Durante su visita a Estados Unidos, Gustavo Petro sostuvo un encuentro con Donald Trump en el que volvió a ubicar a las energías limpias como parte central de su visión de desarrollo. Desde su cuenta oficial en X, el presidente colombiano aseguró: “El eje del desarrollo debe ser la agricultura, la industria y las energías limpias”, al tiempo que llamó a empresarios a invertir en el país.

El mensaje generó atención inmediata en el sector energético por el contraste con la situación interna: a menos de un año del plazo fijado, Colombia apenas logró incorporar un tercio de los 6000 MW renovables proyectados, según datos de Energía Estratégica.

La ejecución de proyectos adjudicados no avanza al ritmo previsto, y más de 4000 MW siguen fuera de operación, en gran parte por trabas regulatorias y falta de condiciones para el despliegue efectivo.

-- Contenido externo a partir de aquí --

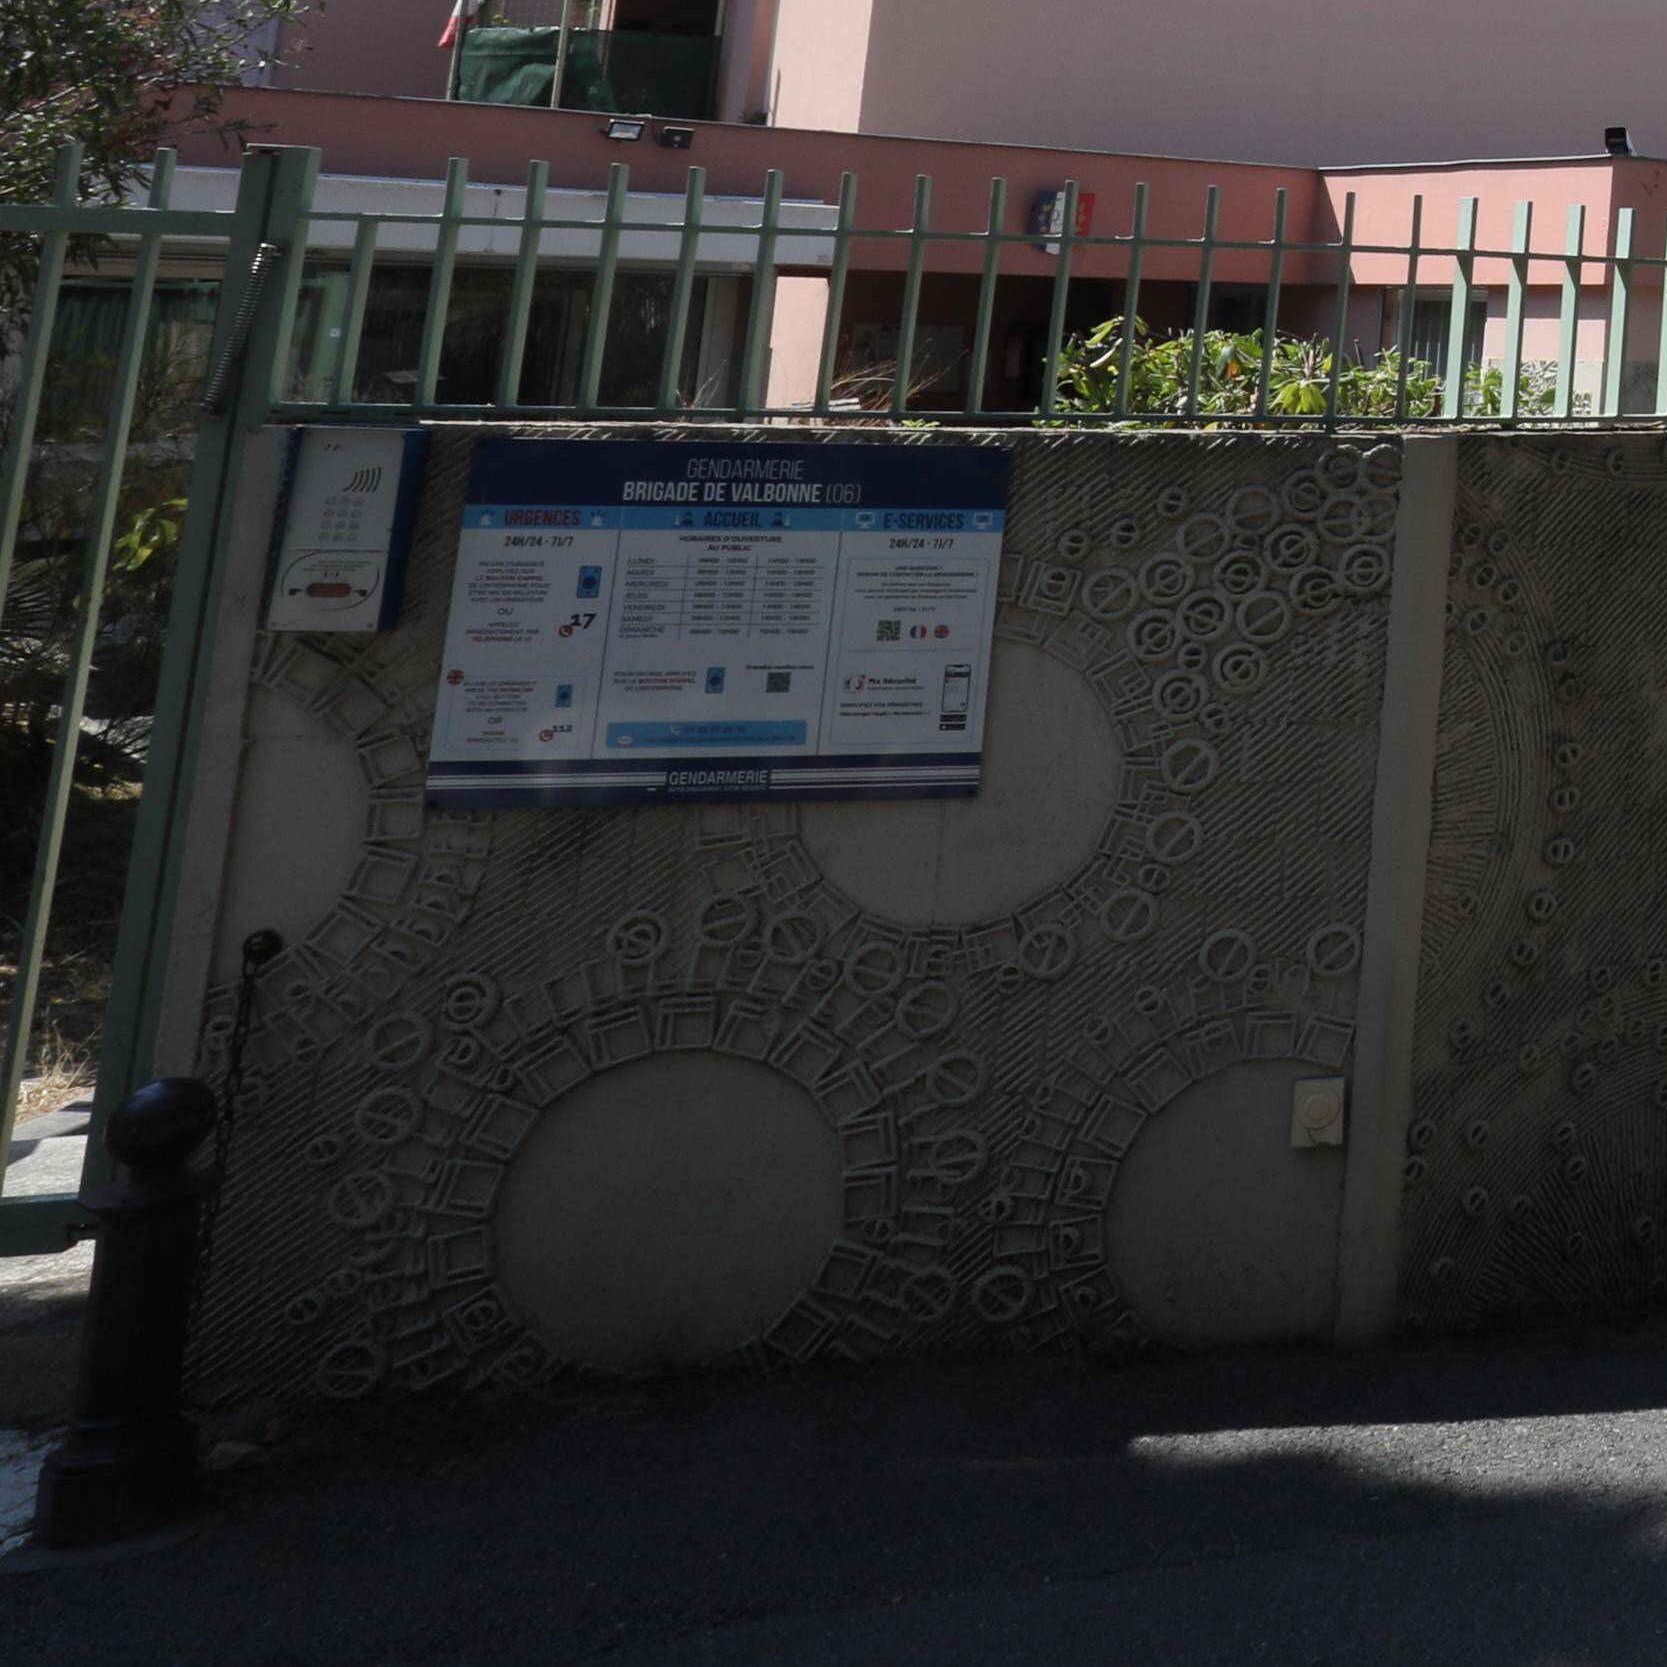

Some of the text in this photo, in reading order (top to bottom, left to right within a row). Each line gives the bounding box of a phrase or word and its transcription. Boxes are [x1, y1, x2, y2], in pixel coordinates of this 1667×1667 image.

“Queremos trabajo en Colombia. Queremos empresas que vayan a Colombia”, publicó el mandatario, dejando clara su intención de vincular inversión extranjera con transición energética.

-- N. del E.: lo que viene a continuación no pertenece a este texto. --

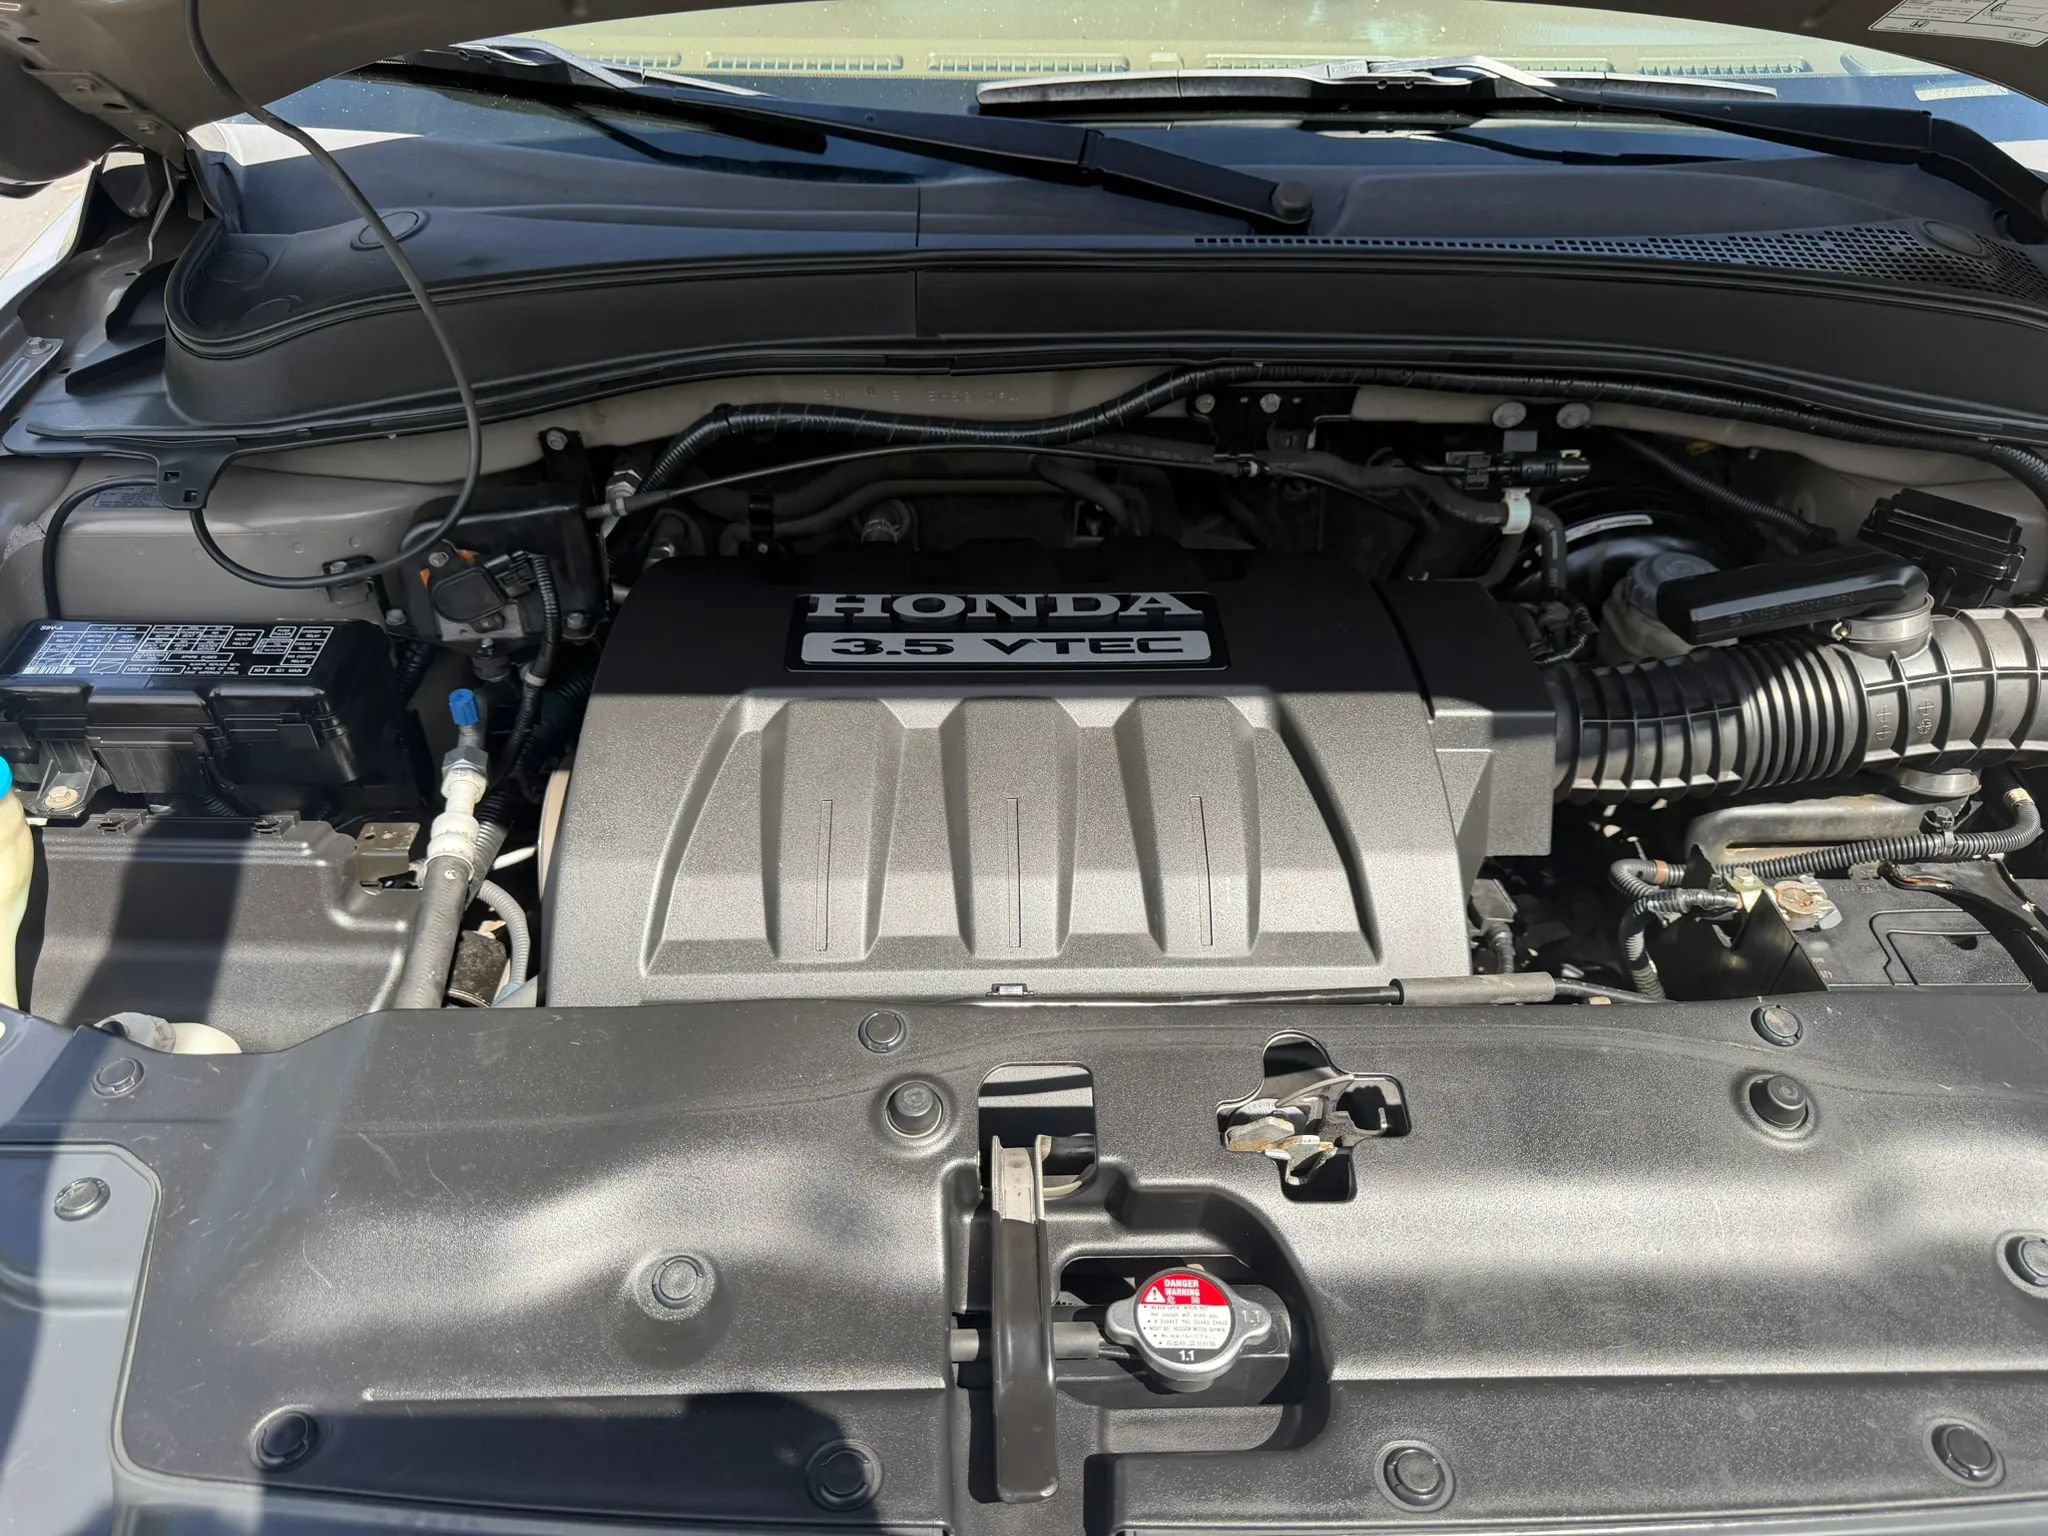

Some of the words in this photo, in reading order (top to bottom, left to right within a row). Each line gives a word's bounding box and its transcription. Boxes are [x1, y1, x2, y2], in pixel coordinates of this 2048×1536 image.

[806, 592, 1204, 618] HONDA
[831, 637, 955, 656] 3.5
[982, 637, 1184, 656] VTEC
[1164, 1279, 1199, 1287] DANGER
[1165, 1288, 1200, 1297] WARNING
[1179, 1350, 1194, 1361] 1.1

La oportunidad para proyectar a Colombia como socio estratégico en energías renovables coincidió con un escenario local tenso: permisos ambientales demorados, dificultades en conexiones a red y marcos contractuales poco claros afectan la concreción de proyectos ya asignados. A eso se suma un clima de incertidumbre sobre los incentivos disponibles para futuras inversiones.

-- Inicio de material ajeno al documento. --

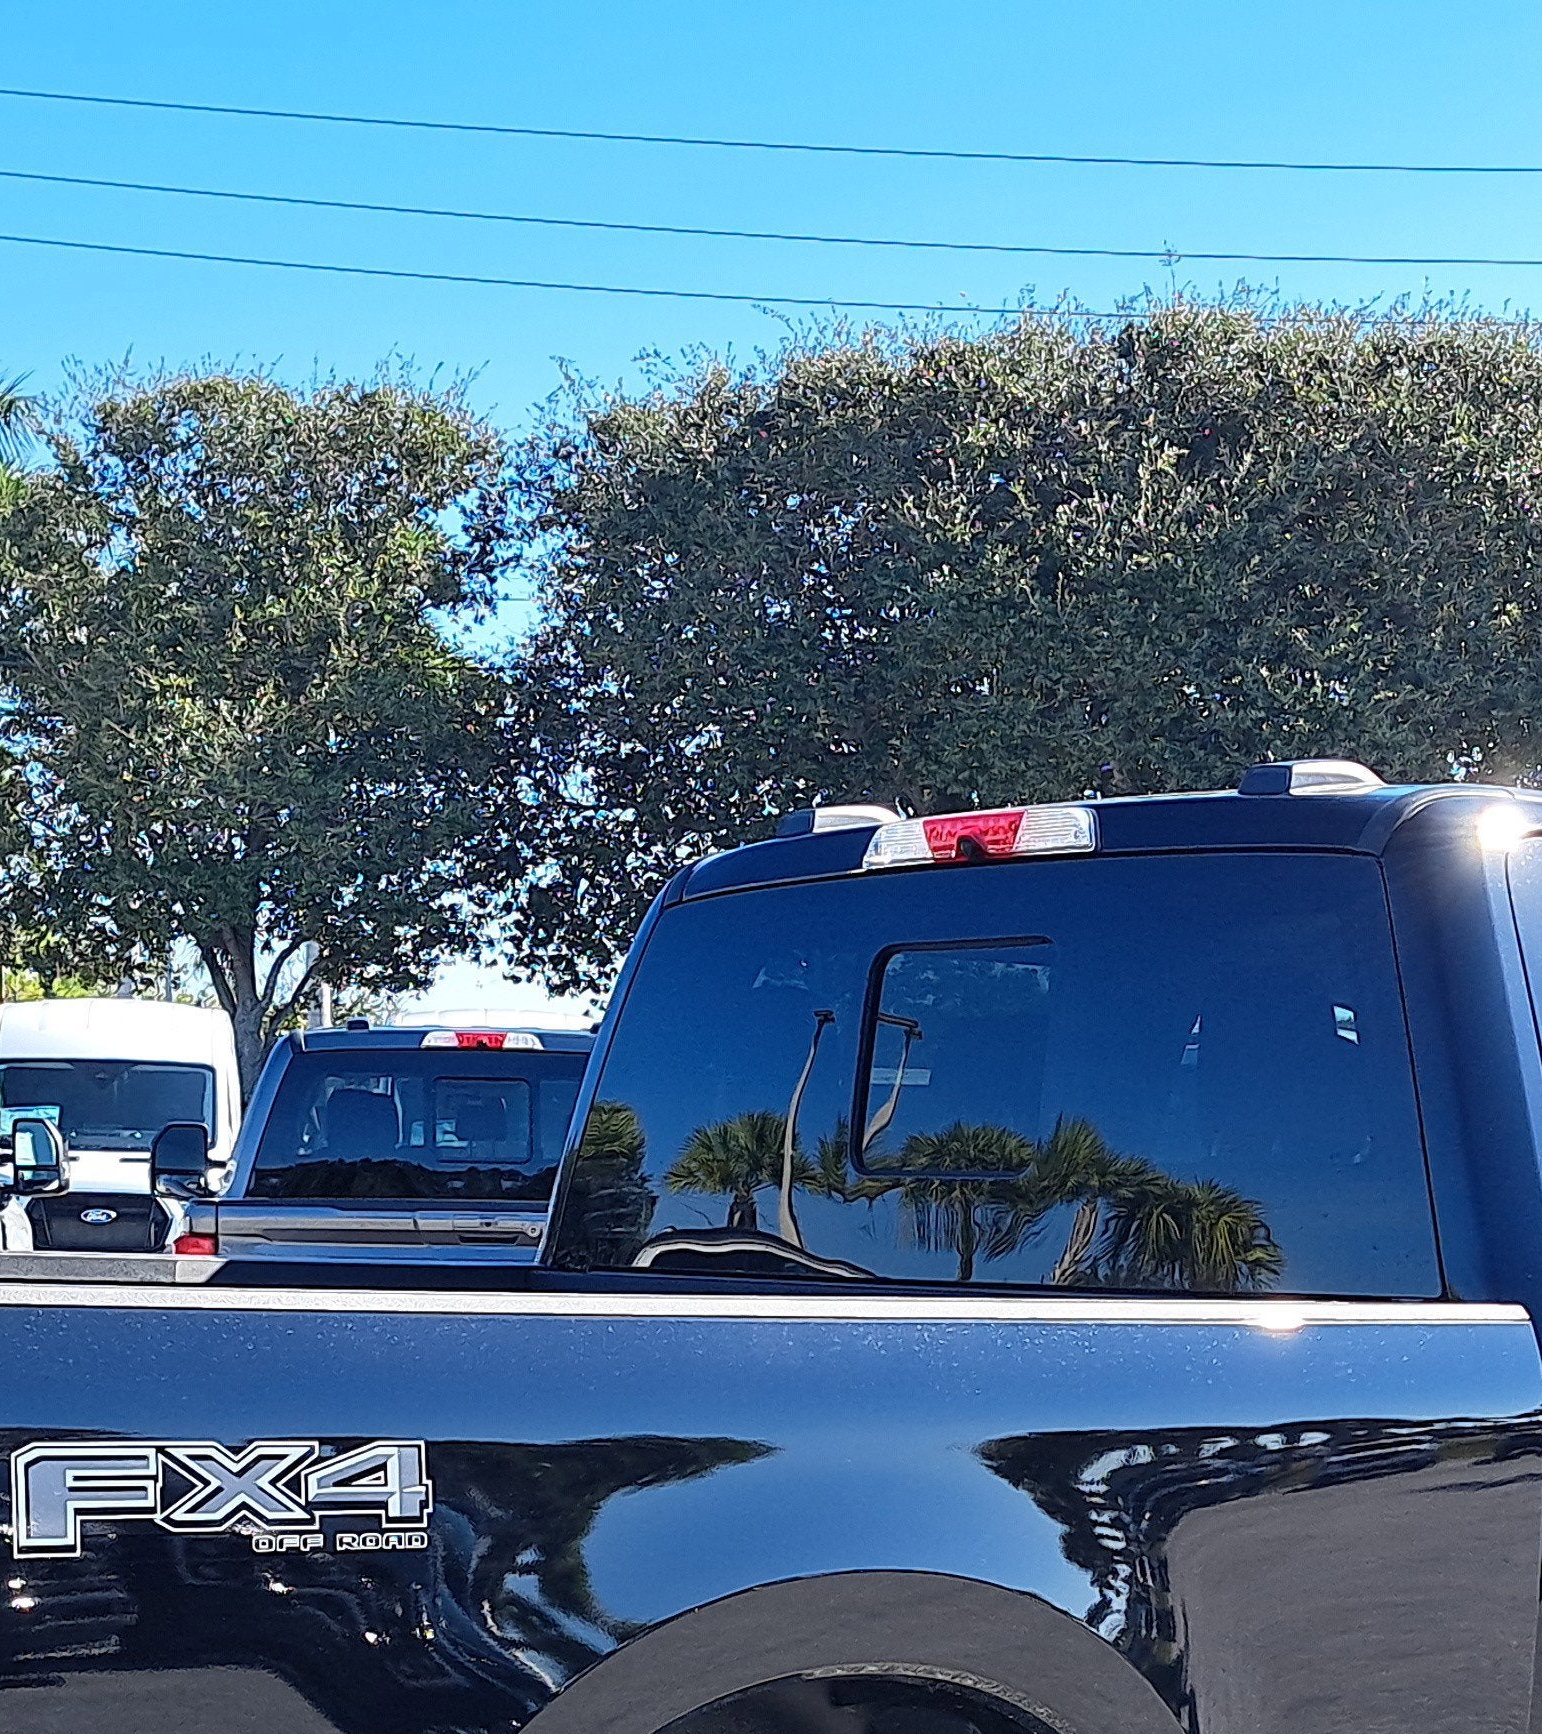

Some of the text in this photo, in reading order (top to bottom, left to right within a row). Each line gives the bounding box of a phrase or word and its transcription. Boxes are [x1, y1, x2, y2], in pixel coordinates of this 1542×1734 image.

[10, 1440, 433, 1560] FX4
[251, 1532, 429, 1553] OFF ROAD

En un plano más político y geopolítico, fuentes cercanas del sector consideraron que cualquier diálogo entre los presidentes de Colombia y Estados Unidos que reafirme las relaciones históricas entre ambos países es favorable para el desarrollo, estabilidad y crecimiento compartido. Señalaron que “es positivo que se amplíe la agenda de cooperación bilateral a temas económicos, de inversión, comercio exterior y energía”.

Este análisis sugiere que, más allá de la dimensión declarativa, la reunión podría abrir espacios concretos para estrechar la cooperación en renovación tecnológica, atracción de capitales y proyectos de energía limpia, dentro del marco del Tratado de Libre Comercio y la política de cooperación entre ambos países.

Un sector con retos urgentes y reformas en marcha

Mientras el Ejecutivo impulsa la narrativa internacional, en Colombia se avanza en reformas regulatorias que buscan ajustar el funcionamiento interno del mercado eléctrico. Uno de los frentes más visibles fue la consulta pública abierta por la CREG para actualizar el Código de Medida, normativa técnica que no se revisaba desde hace más de diez años. La intención es dotar de mayor precisión y transparencia al registro de generación y consumo, particularmente en segmentos como la generación distribuida y la autogeneración.

Adicionalmente, el país reactivó procesos de subasta de cargo por confiabilidad para el período 2029–2030, mecanismo clave para garantizar suministro firme en el mediano plazo y que ha sido considerado necesario por analistas del sector.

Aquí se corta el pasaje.